With his first feature, Moon,
director Duncan Jones established himself as a filmmaker capable of creating
the kind of fascinating, challenging science fiction we associate with Golden
Age writers like Asimov, Bradbury, and Leiber. With Source Code,
his second feature, Jones delivers a science fiction thriller offering an
intriguing premise, riveting execution, and a satisfying denoument. Jones not only sticks the landing, he
sticks the entire film.
Here’s the setup:
Captain Colter Stevens is an Army helicopter pilot who awakens strapped
in a kind of time machine.
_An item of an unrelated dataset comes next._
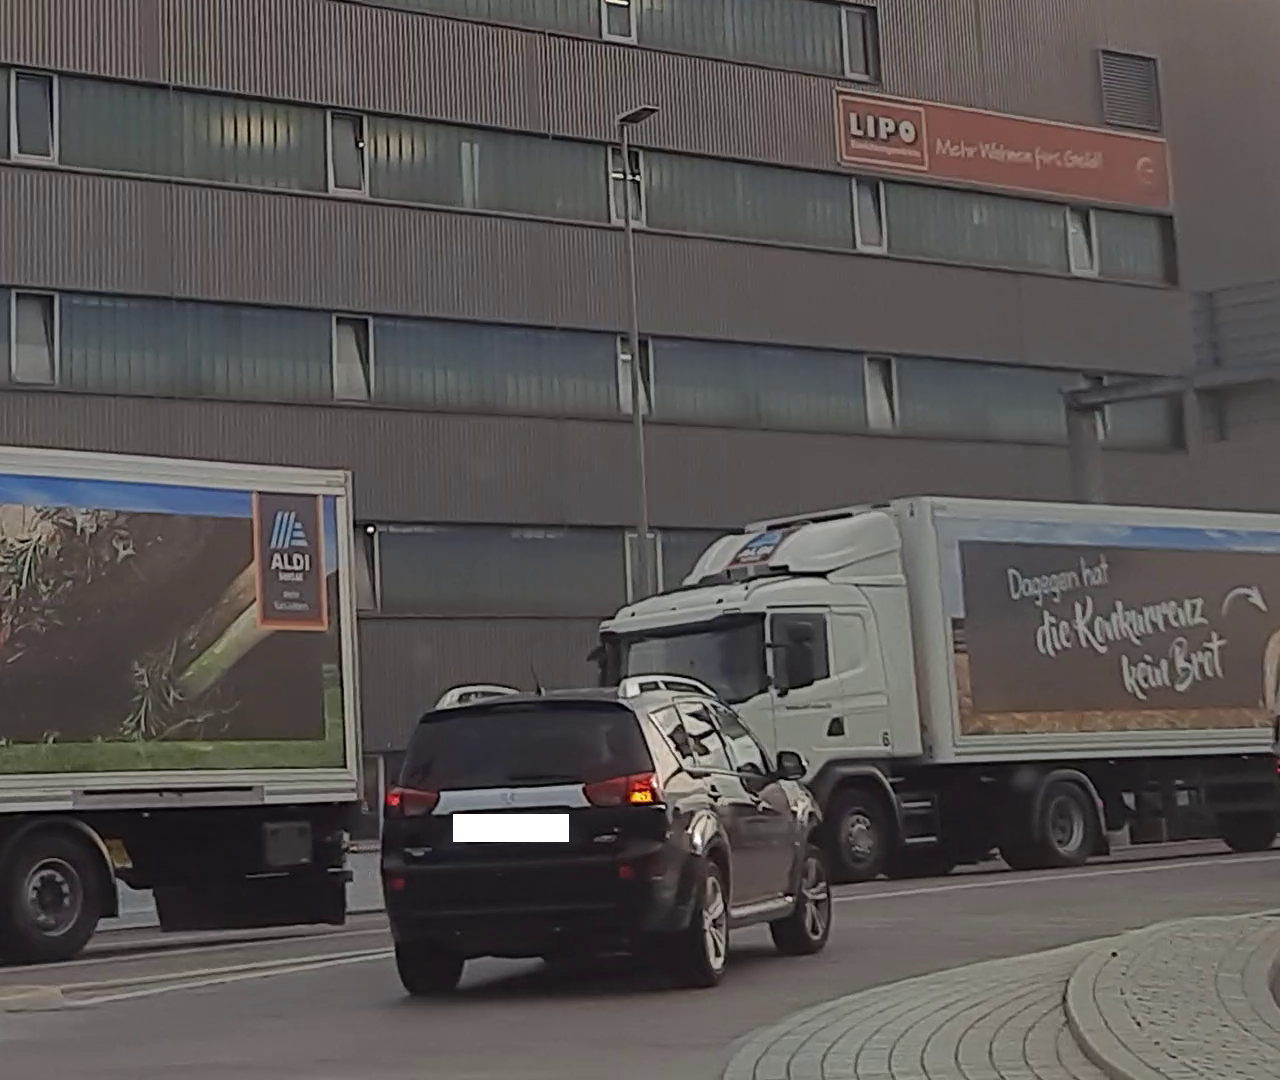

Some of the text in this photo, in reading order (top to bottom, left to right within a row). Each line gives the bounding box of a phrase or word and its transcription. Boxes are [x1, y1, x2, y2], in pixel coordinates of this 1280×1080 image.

This
machine comes with a twist: it puts him in the body of another man, and it can
only send him to one 8-minute stretch in the man’s life: the 8 minutes before
he dies. Colter’s mission:
discover who’s responsible for killing the man and everyone on the commuter
train the man happened to be riding when it exploded.
Go. Fail. Die. Try again.
It’s a great premise, mixing aspects of Groundhog Day, “Quantum
Leap,” and Day of the Jackal.
Jones fleshes it out with a strong cast, starring Jake Gyllenhaal (a
favorite since October Sky), Michelle
Monaghan, Vera Farmiga, and Jeffrey Wright. He complements them with direction and photography that
reveal enough to keep us oriented and in the game, but hide enough to keep us
questioning and worrying our nails.
And it works.
We share Colter’s disorientation, his desperation. We want what he wants, we feel what he
feels, and we walk out of Source Code
exhilarated, satisfied, and ready to live those 90 minutes over again.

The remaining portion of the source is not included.